To serve, have ready 8 small bamboo skewers. In a small bowl, stir together the remaining 3 tablespoons olive oil and curry powder. Brush the oil over the scallops and apples. Top each scallop with an apple cube and then a celery piece and sprinkle with piment d’Espelette. Anchor each vertical stack with a bamboo skewer and arrange on a platter.
SAUSAGE and GUINDILLA PEPPER SKEWERS
Pintxos are small so that you can taste everything together in one or two bites. In this recipe, that means that you will get the bright acidity of the peppers, the sweetness of the onions, and the meatiness of the sausage in a couple of mouthfuls. Cantimpalitos are Spanish cocktail sausages, but any high-quality cocktail sausages can be used. Makes 4 skewers
4 pearl onions
1 tablespoon unsalted butter
1 teaspoon sugar
4 cantimpalitos (see headnote), about 1½ inches long and ½ inch in diameter
1 tablespoon mayonnaise
4 slices baguette, ½ inch thick, lightly toasted
Have ready a small bowl of ice water. Bring a small saucepan filled with water to a boil over high heat, add the onions, and boil for 1 minute. Drain and plunge into the ice water until cool. Cut off the root ends and slip off the skins.

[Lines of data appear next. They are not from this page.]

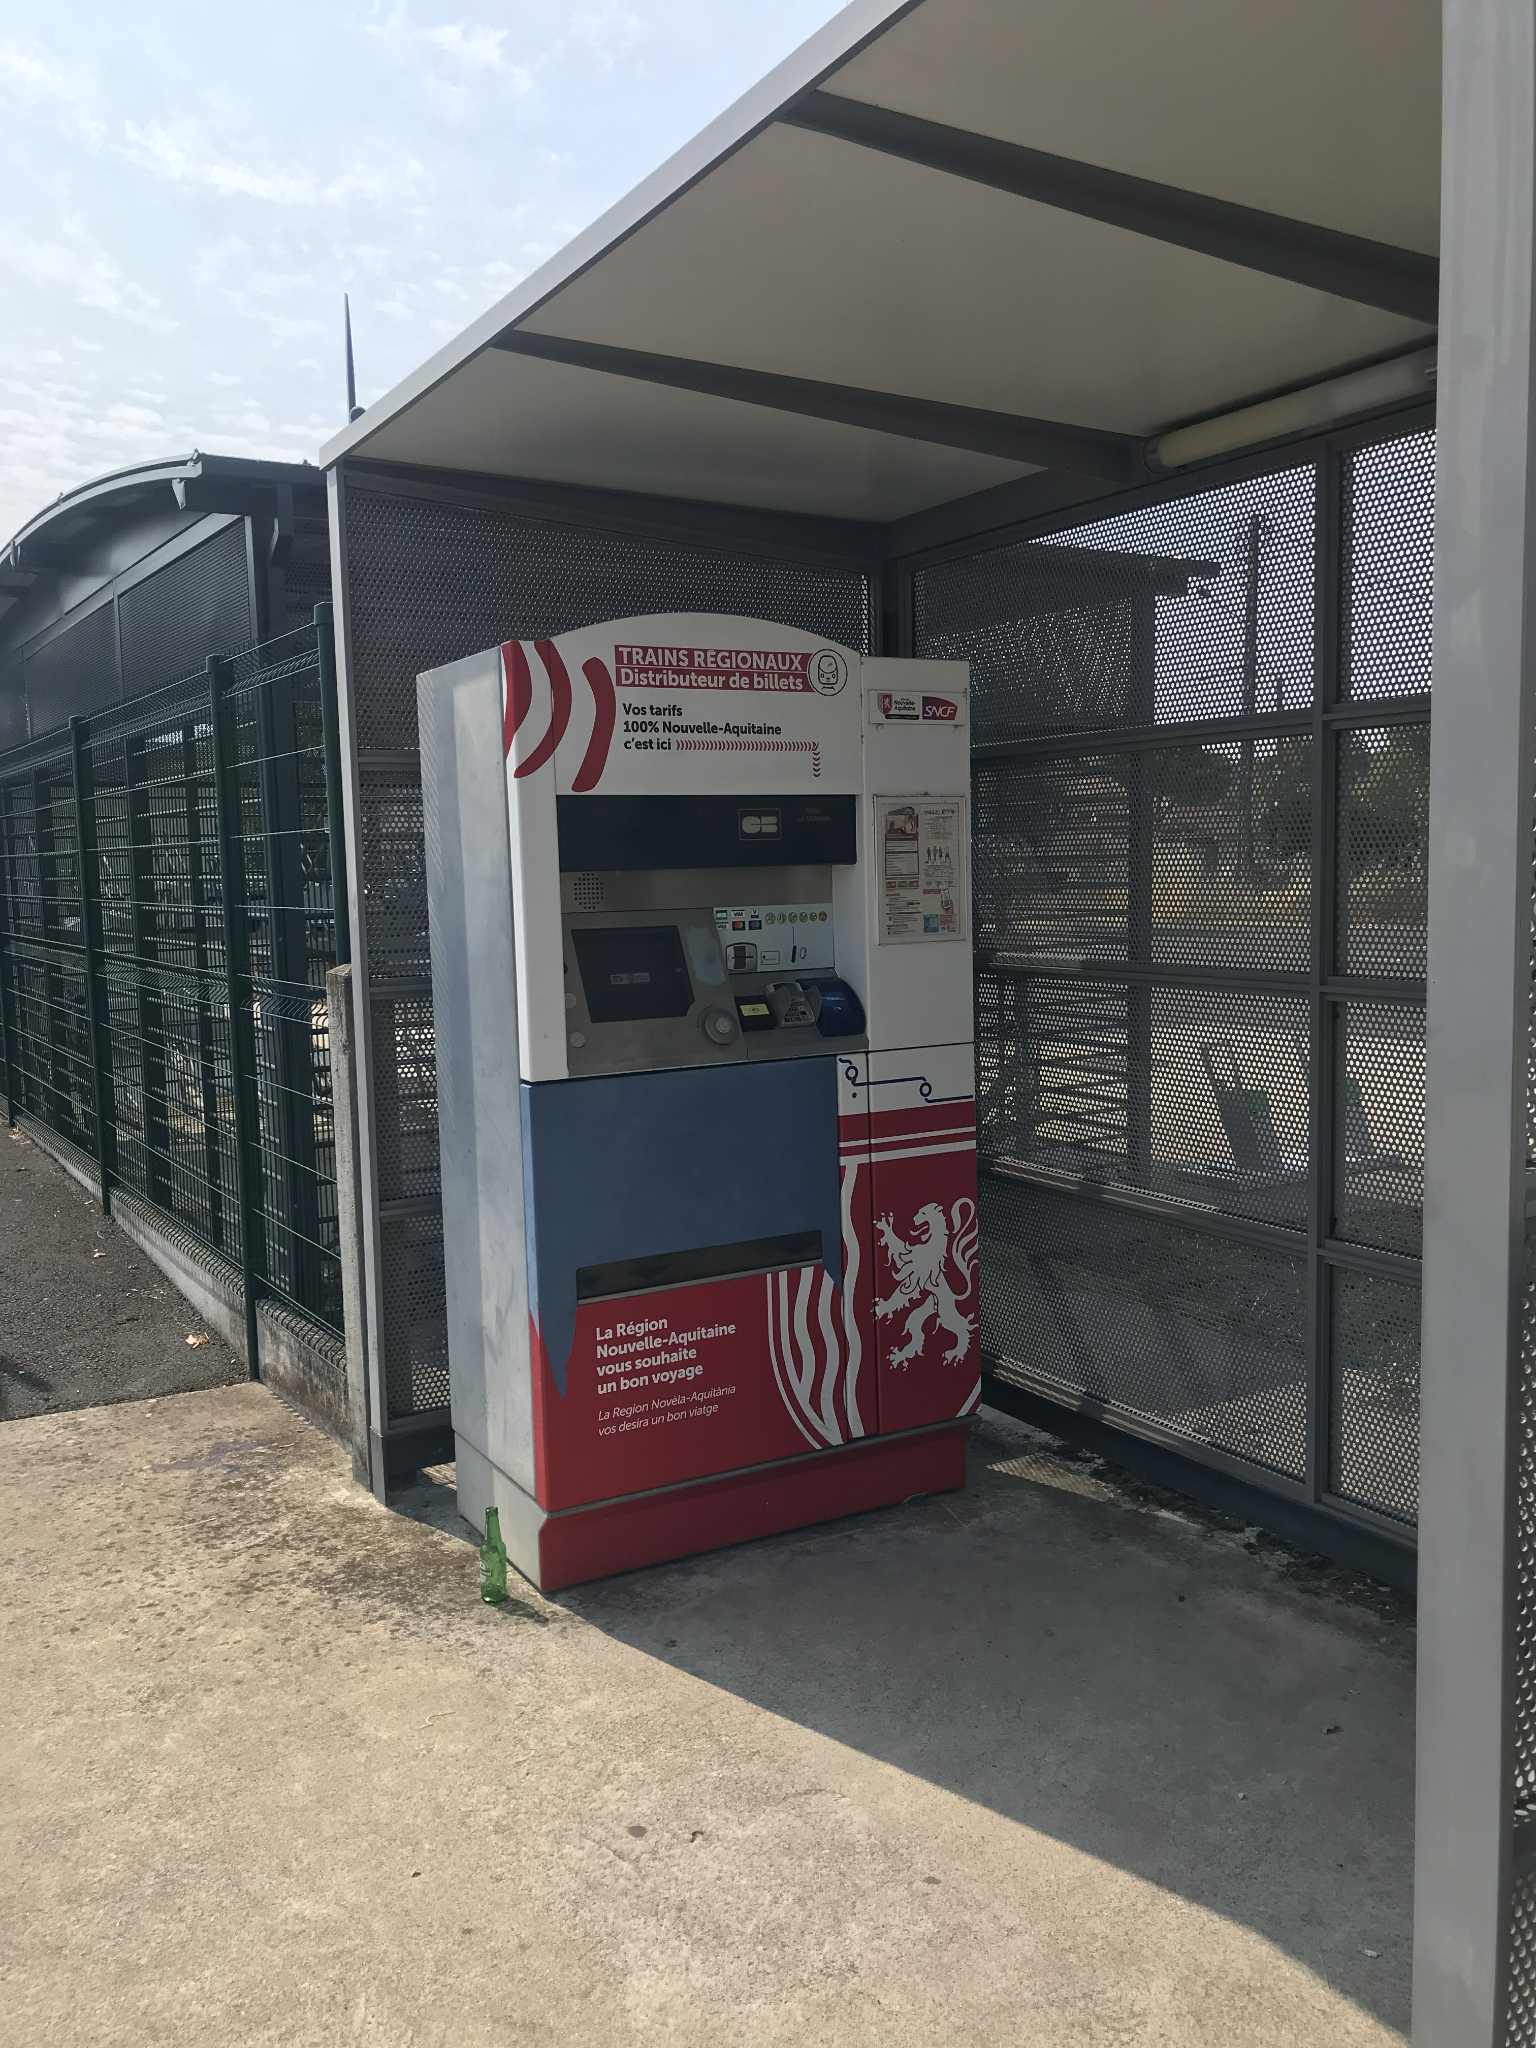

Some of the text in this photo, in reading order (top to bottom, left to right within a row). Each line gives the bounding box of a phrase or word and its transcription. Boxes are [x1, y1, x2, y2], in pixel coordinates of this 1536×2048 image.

[618, 647, 689, 667] TRAINS
[621, 669, 803, 690] Distributeur de billets
[623, 703, 683, 717] Vos tarifs
[924, 705, 956, 717] SNCF
[623, 721, 782, 737] 100% Nouvelle-Aquitaine
[624, 738, 672, 750] c'est ici
[596, 1318, 668, 1340] La Région
[596, 1323, 737, 1358] Nouvelle-Aquitaine
[596, 1348, 697, 1376] vous souhaite
[597, 1364, 704, 1394] un bon voyage
[598, 1410, 610, 1421] La
[612, 1402, 649, 1418] Region
[598, 1403, 719, 1436] vos desira un bon viatge
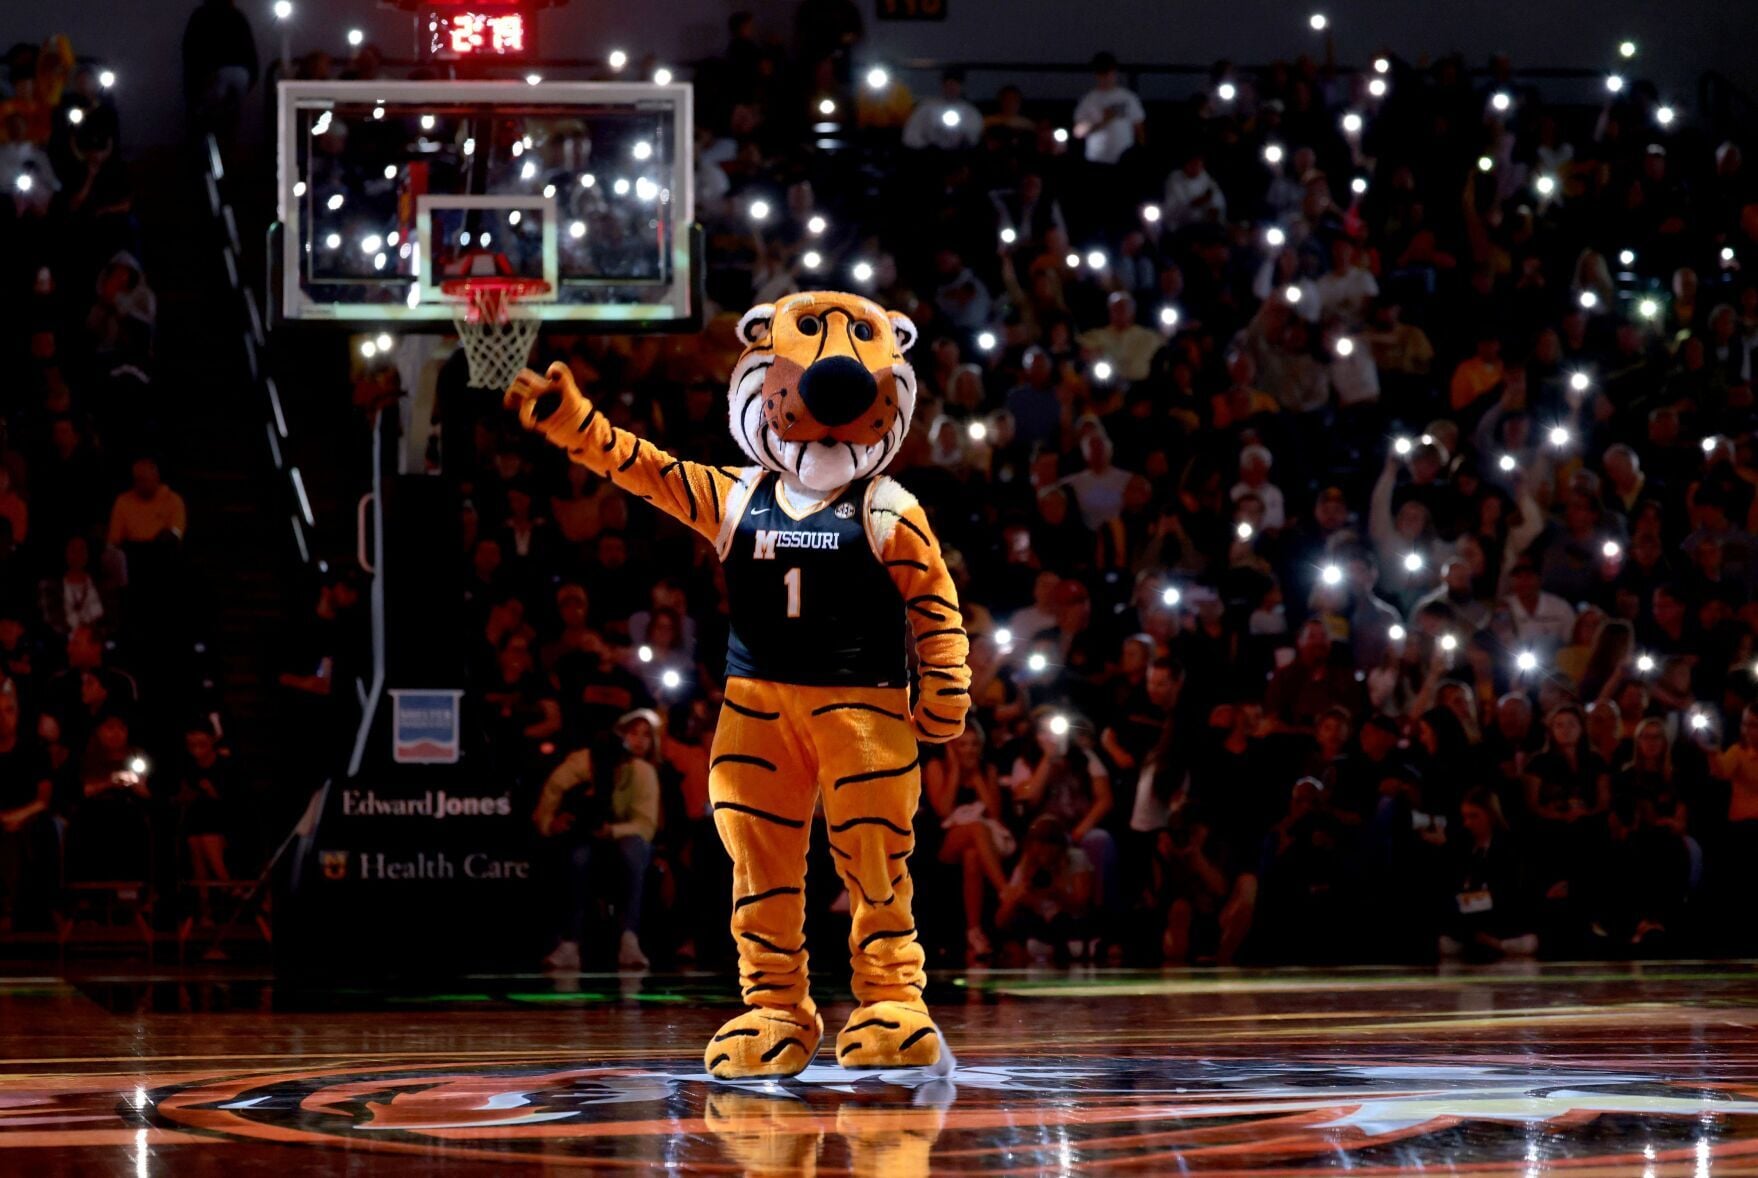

Rinse the saucepan and return the onions to it along with the butter, sugar, and ½ cup water. Place the pan over medium-high heat, cover, and bring to a boil. Decrease the heat to maintain a simmer and cook for about 10 minutes, or until the onions are tender when pierced with a small knife. Uncover and boil until the water evaporates. The onions will begin to sizzle in the butter remaining in the pan. Continue to cook, turning the onions as needed, for about 5 minutes, or until lightly browned all over. Remove from the heat and keep the onions warm.
In the same saucepan over medium heat, sauté the cantimpalitos for about 4 minutes, or until lightly browned on all sides and fully cooked.
To serve, have ready 4 small bamboo skewers. Spread a little mayonnaise on each baguette slice and place on a small platter. Thread 1 cantimpalito, 1 onion, and 1 pepper onto each skewer. Place each skewer on a baguette slice. Serve warm.